====== Available data

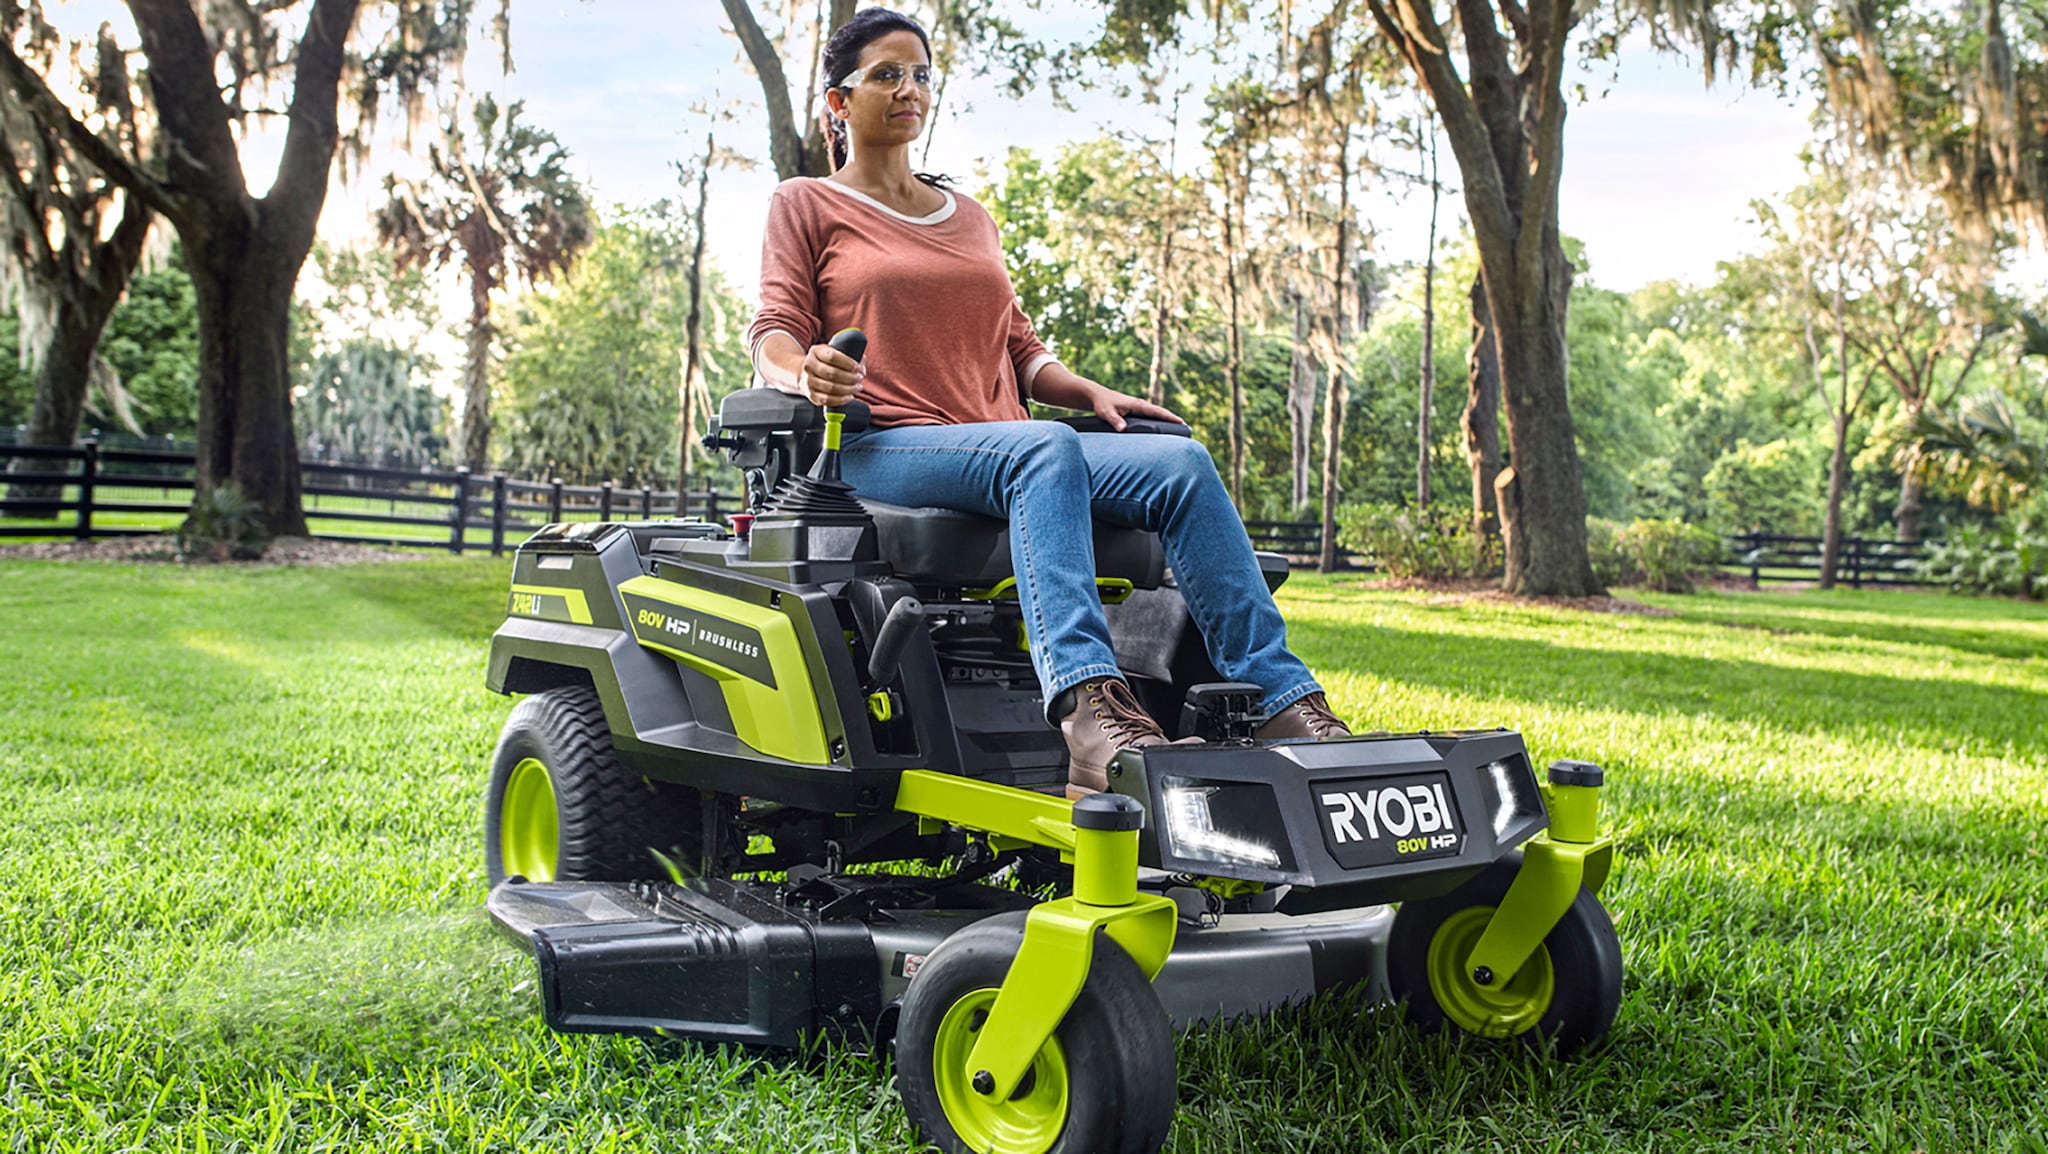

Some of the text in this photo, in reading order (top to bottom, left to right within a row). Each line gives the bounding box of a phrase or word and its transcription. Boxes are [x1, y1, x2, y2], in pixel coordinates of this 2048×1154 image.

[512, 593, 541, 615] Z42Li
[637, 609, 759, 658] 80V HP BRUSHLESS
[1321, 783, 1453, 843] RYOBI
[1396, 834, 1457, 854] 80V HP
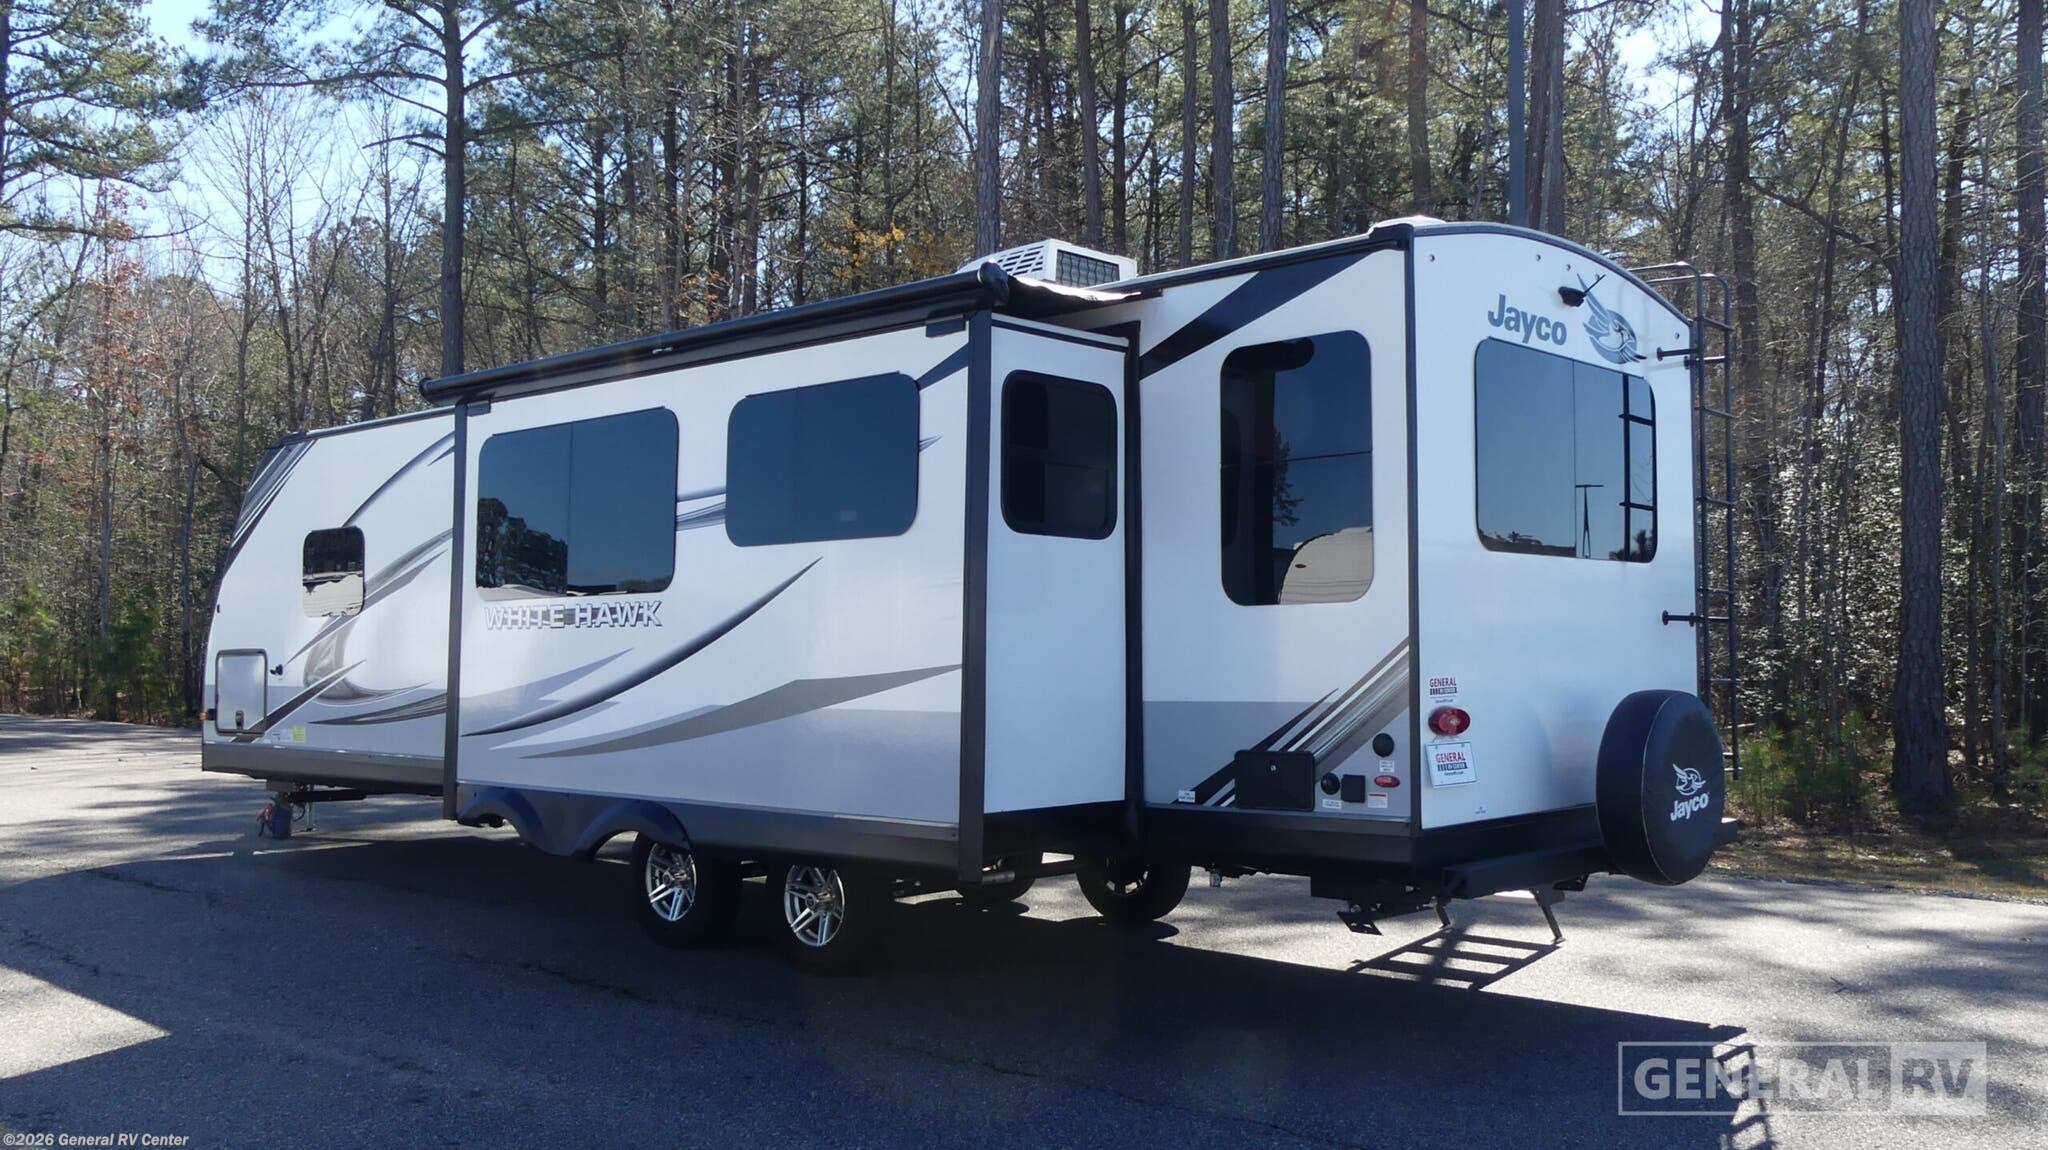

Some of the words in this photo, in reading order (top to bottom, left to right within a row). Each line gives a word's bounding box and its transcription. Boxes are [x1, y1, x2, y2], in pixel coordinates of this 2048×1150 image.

============
====== Available data

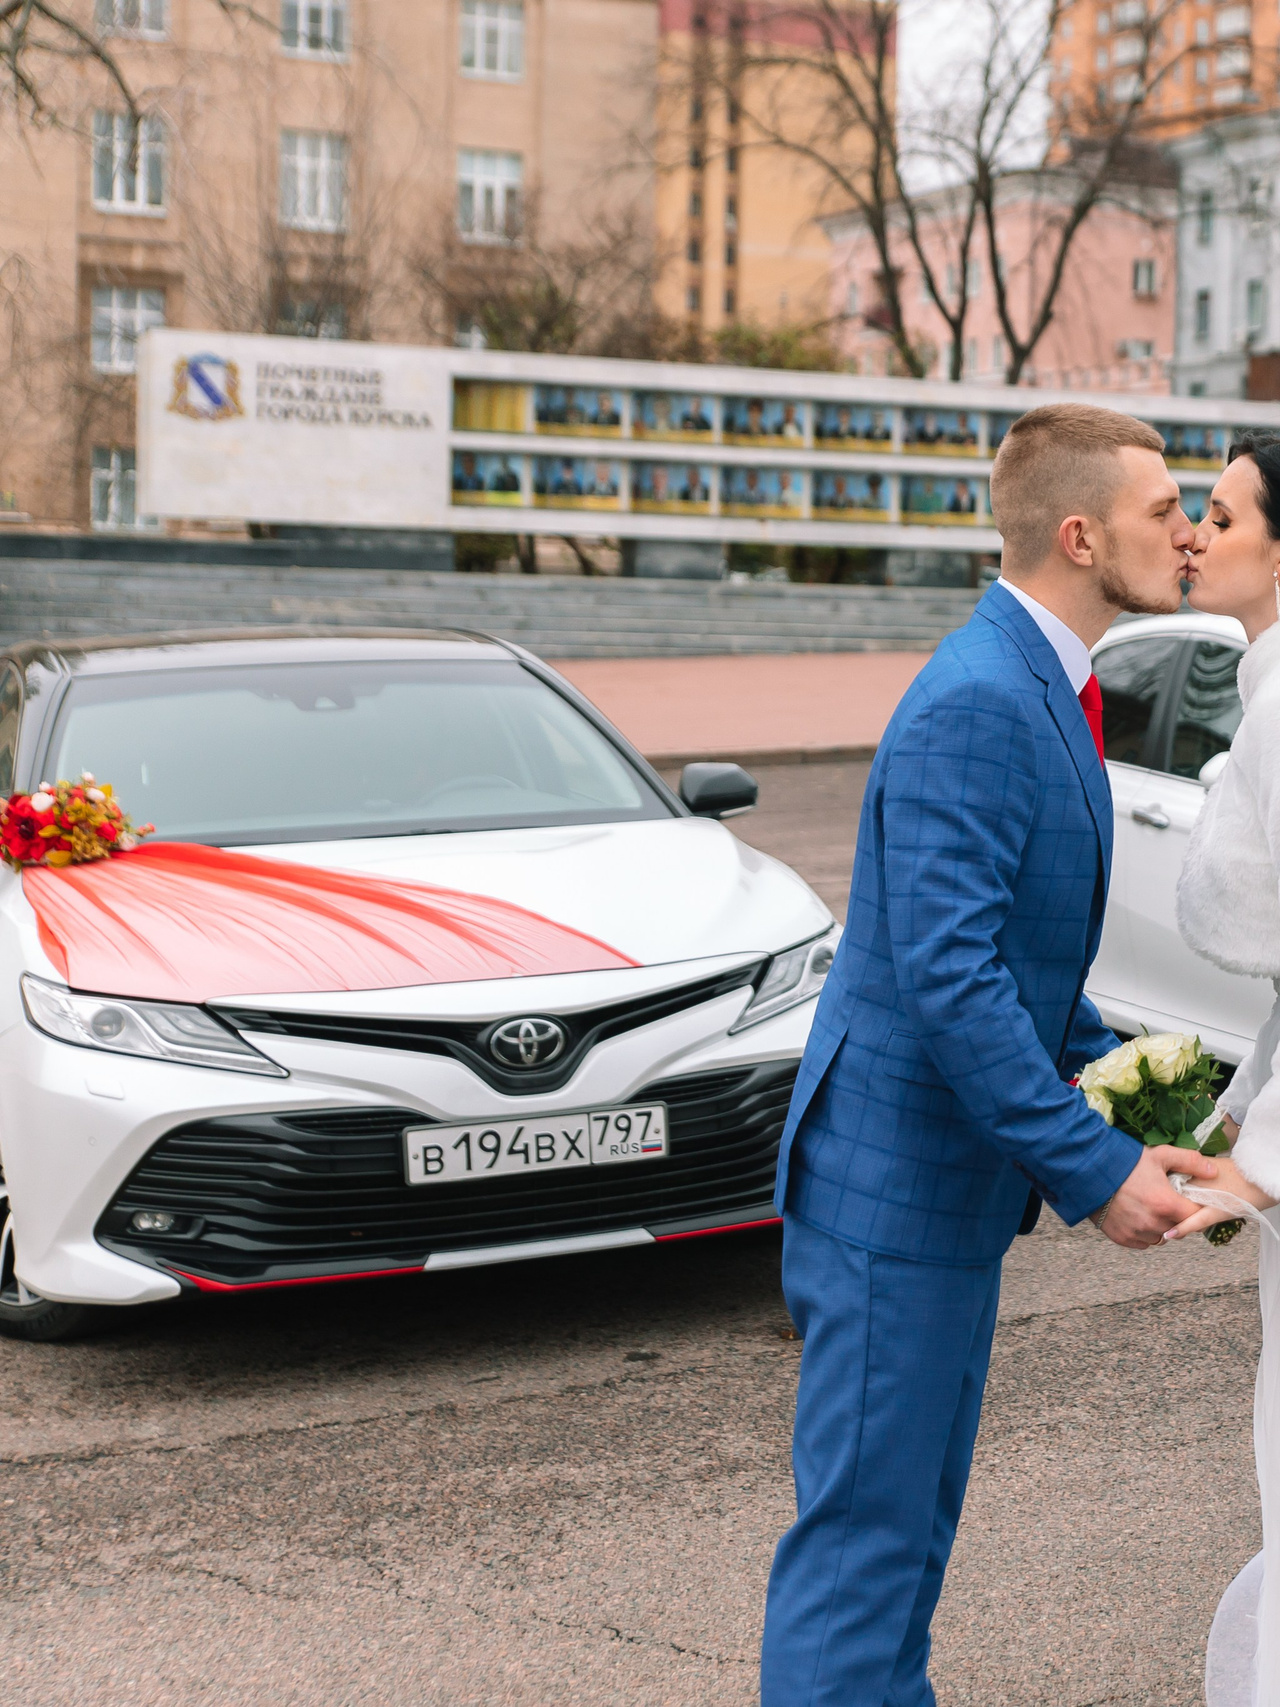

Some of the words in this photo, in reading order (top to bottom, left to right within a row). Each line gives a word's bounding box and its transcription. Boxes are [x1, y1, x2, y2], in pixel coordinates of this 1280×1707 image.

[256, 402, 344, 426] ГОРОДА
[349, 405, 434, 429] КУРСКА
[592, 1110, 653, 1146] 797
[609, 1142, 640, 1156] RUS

============

- _Problem details_
Word for word, write out the lines above running from the one with "Some of the text" up to and including the one with "this 2048×1150 image.". Drop any picture.

- _Task solution_
Some of the text in this photo, in reading order (top to bottom, left to right within a row). Each line gives the bounding box of a phrase or word and its transcription. Boxes are [x1, y1, x2, y2], in pixel coordinates of this 2048×1154 image.

[512, 593, 541, 615] Z42Li
[637, 609, 759, 658] 80V HP BRUSHLESS
[1321, 783, 1453, 843] RYOBI
[1396, 834, 1457, 854] 80V HP

Some of the words in this photo, in reading order (top to bottom, left to right within a row). Each line gives a word's bounding box and its transcription. Boxes are [x1, y1, x2, y2], in pixel coordinates of this 2048×1150 image.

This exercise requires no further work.